The dependency between $E_1, E_2$ and $G$ are specified through the following (nested) second stage regressions:
\begin{equation}
\begin{aligned}
g_2[\mathbb{E}(E_1|G)] &= \gamma_{01} + \gamma_{G_1}G\\
g_3[\mathbb{E}(E_2|G,E_1)] &= \gamma_{02} + \gamma_{G_2}G + \gamma_E E_1.\\
\end{aligned}
\end{equation}


The covariates and the trait could be either continuous or binary, where the link functions $g_1,g_2$ and $g_3$ correspond to linear and logistic regression respectively as described in previous sections. 
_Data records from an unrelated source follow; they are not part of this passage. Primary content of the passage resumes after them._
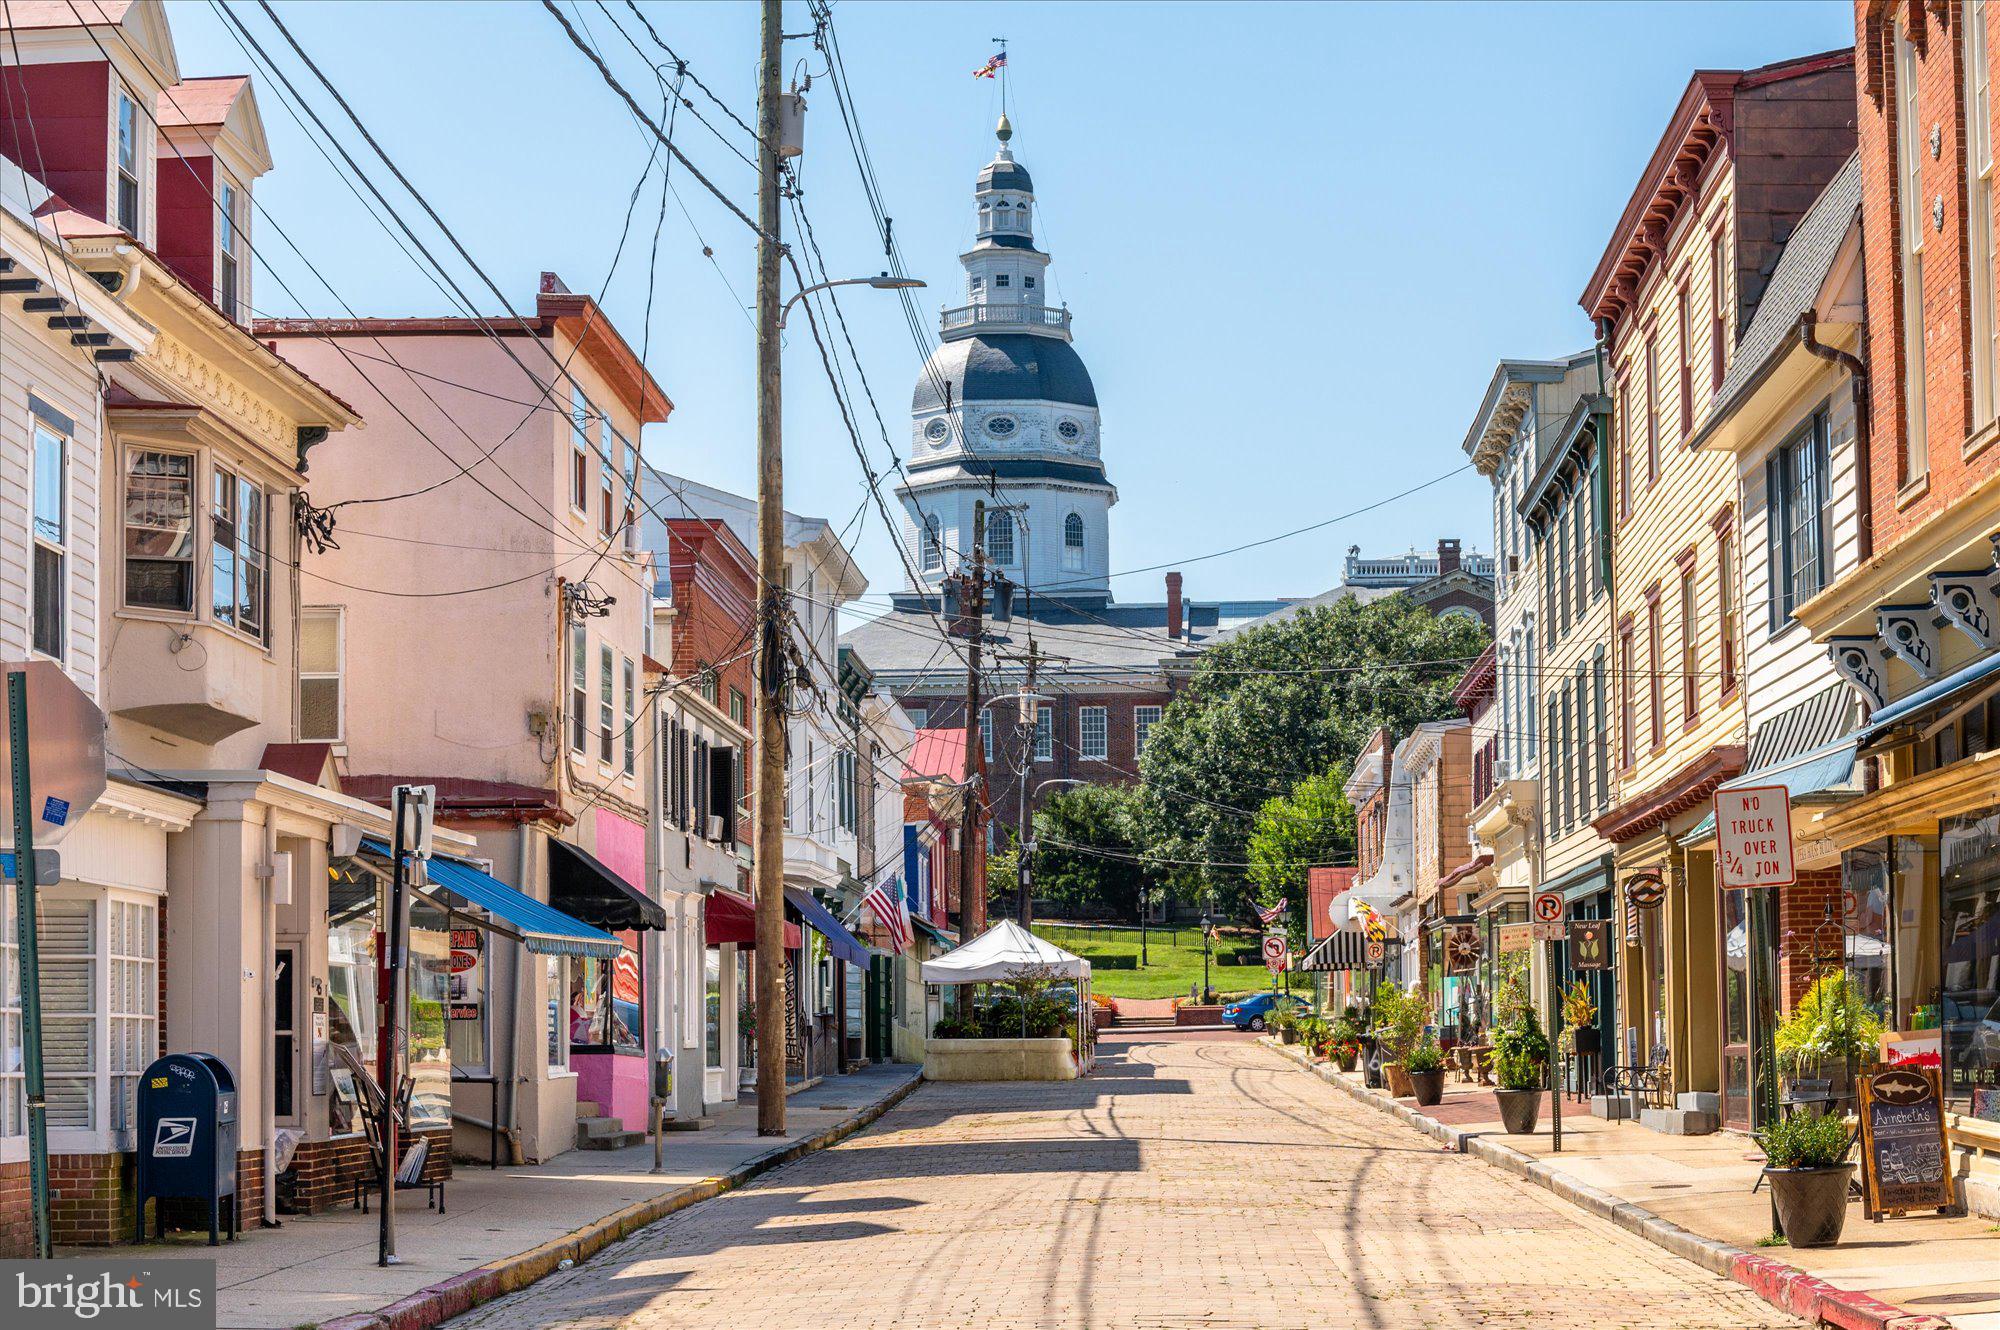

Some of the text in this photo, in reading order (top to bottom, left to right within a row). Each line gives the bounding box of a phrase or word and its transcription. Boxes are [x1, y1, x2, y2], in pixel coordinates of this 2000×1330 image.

[1742, 796, 1760, 811] NO
[1731, 818, 1774, 834] TRUCK
[1744, 840, 1776, 855] OVER
[1588, 922, 1601, 930] Leaf
[1577, 961, 1601, 969] Massage
[450, 1005, 477, 1018] ervice
For example when $Y$ is binary, $E_1$ is binary (with $\beta_{E_1} = 0.3,\  \text{P}(E_1=1)=0.3$) and $E_2$ is continuous (with $\beta_{E_2} = 0.2,\ \mathbb{E}(E_2) = 0, \ \text{Var}(E_2) = 0.4$), the power can be computed as:
```{r}
para <- list(preva = 0.2, pG = 0.1, betaG = 0.1, betaE = c(0.3, 0.2), 
             pE = 0.3, gammaG = c(0.15,0.25), gammaE = 0.1,
             muE = 0, sigmaE = sqrt(0.4))
Compute_Power_multi(parameters = para, n = 3000, mode = "additive",
                    covariate = c("binary", "continuous"), response = "binary")
```

In other words, this correspond to the models:
\begin{equation}
\begin{aligned}
\log\bigg(\frac{\text{P}(Y=1|E_1,E_2,G)}{1-\text{P}(Y=1|E_1,E_2,G)}\bigg) &= \beta_0 + 0.1 G + 0.3 E_1 + 0.2 E_2 \\
\log\bigg(\frac{\text{P}(E_1=1|G)}{1-\text{P}(E_1=1|G)}\bigg) &= \gamma_{01} + 0.15 G\\
\mathbb{E}(E_2|G,E_1) &= \gamma_{02} + 0.25 G + 0.1 E_1,\\
\end{aligned}
\end{equation}
where all the remaining parameters $\bigg(\beta_0, \gamma_{01}, \gamma_{02}, \text{Var}[E_2|G,E_1] \bigg)$ are automatically solved using the marginal information on $Y$, $E_1$, $E_2$ and $G$.



Note that when `gammaE` is unspecified, by the default it is assumed the two covariates are conditionally independent given $G$.